Les récits présentés mettent en lumière l’efficacité de l’approche de formation des formateurs, où chaque participant joue à la fois le rôle d’apprenant et d’acteur du domaine éducatif. Grâce au soutien continu de l’OCS, l’EEI est adaptée aux spécificités de chaque pays, offrant une assistance technique et un soutien politique pour renforcer son efficacité à long terme.

Comme l’a souligné un formateur: « enseigner permet également d’apprendre, et pour que l’éducation soit véritablement transformative, il est essentiel de répondre aux besoins des apprenants en comprenant profondément les principes de l’EEI pour les transmettre de manière simple et efficace. »

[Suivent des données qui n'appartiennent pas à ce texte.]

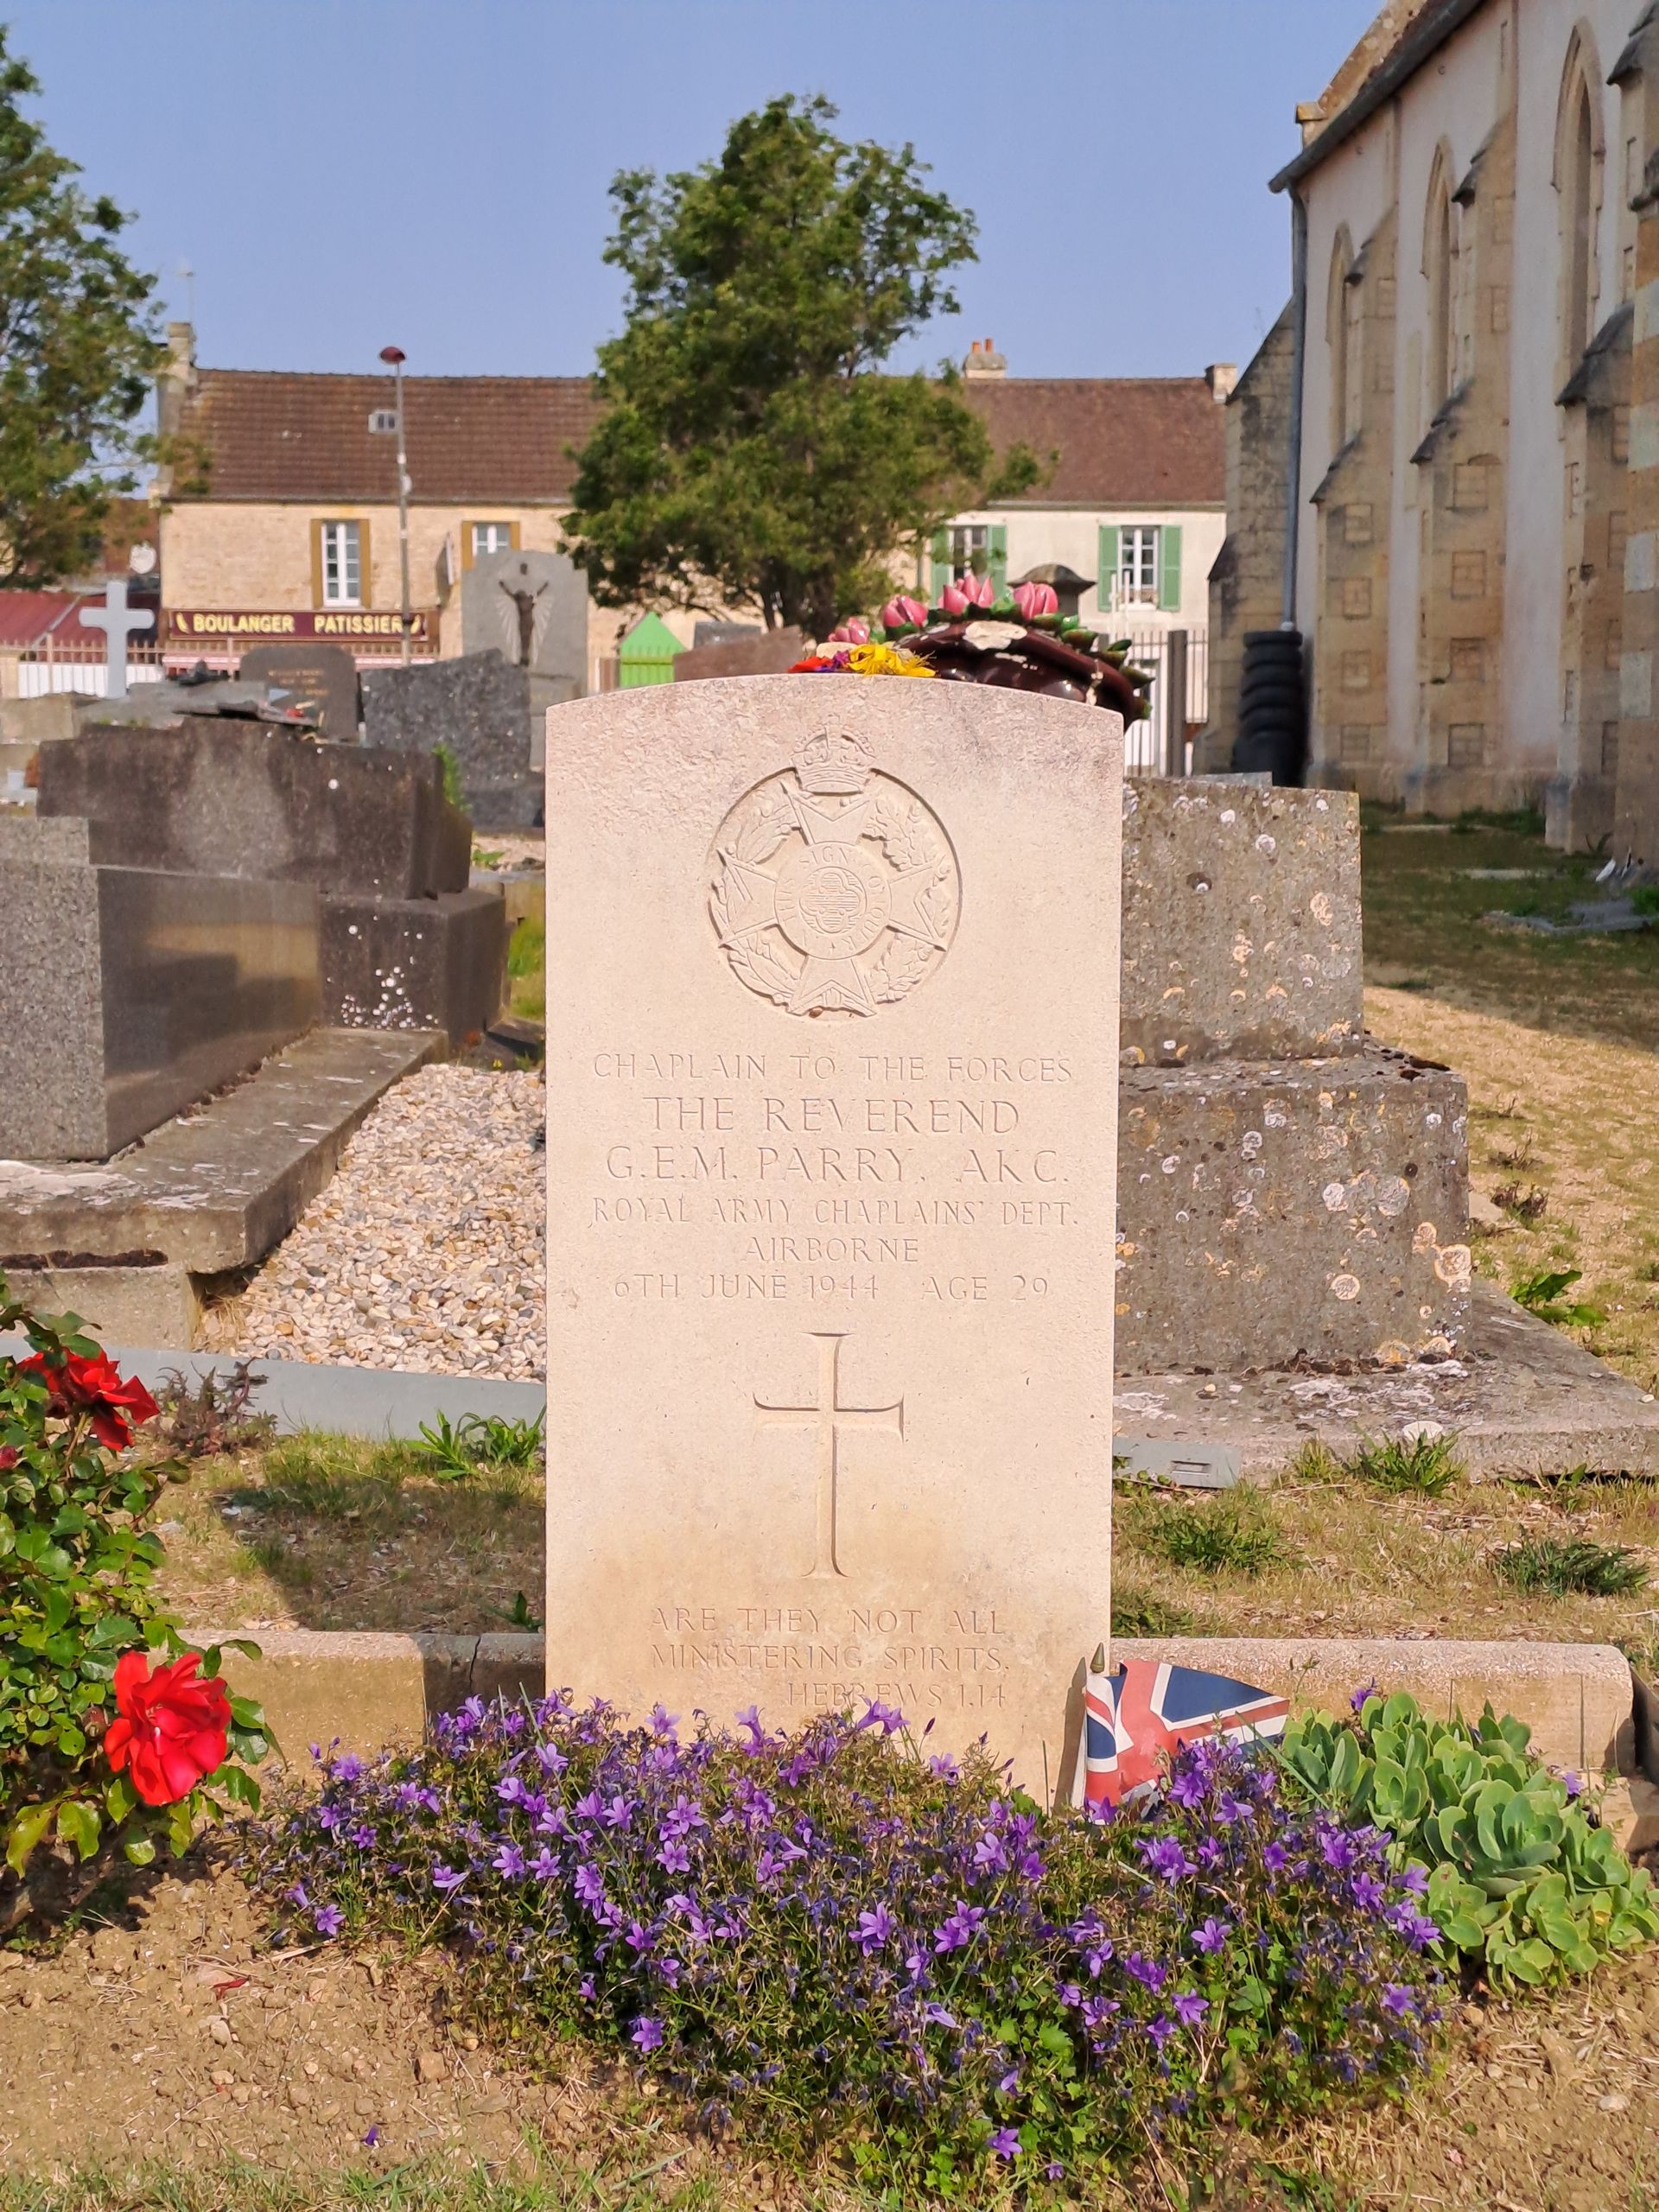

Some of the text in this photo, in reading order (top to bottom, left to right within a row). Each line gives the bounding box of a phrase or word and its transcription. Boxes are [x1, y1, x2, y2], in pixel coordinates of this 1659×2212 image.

Bâtir un héritage de transformation

Le Programme de renforcement des capacités en EEI représente une avancée vers l’harmonisation du cadre conceptuel de l’éducation équilibrée et inclusive avec les systèmes éducatifs du Grand Sud, en tenant compte de leurs besoins spécifiques. Les participants, en retournant dans leurs communautés, ne se contentent pas de partager leurs connaissances, mais ils contribuent à promouvoir une culture de l’inclusivité qui perdurera pour les générations futures. Leur engagement pose les bases d’un changement durable qui, avec un soutien politique adéquat, peut laisser un héritage d’autonomisation pour les éducateurs, les étudiants et les sociétés, en offrant une éducation transformante pour tous.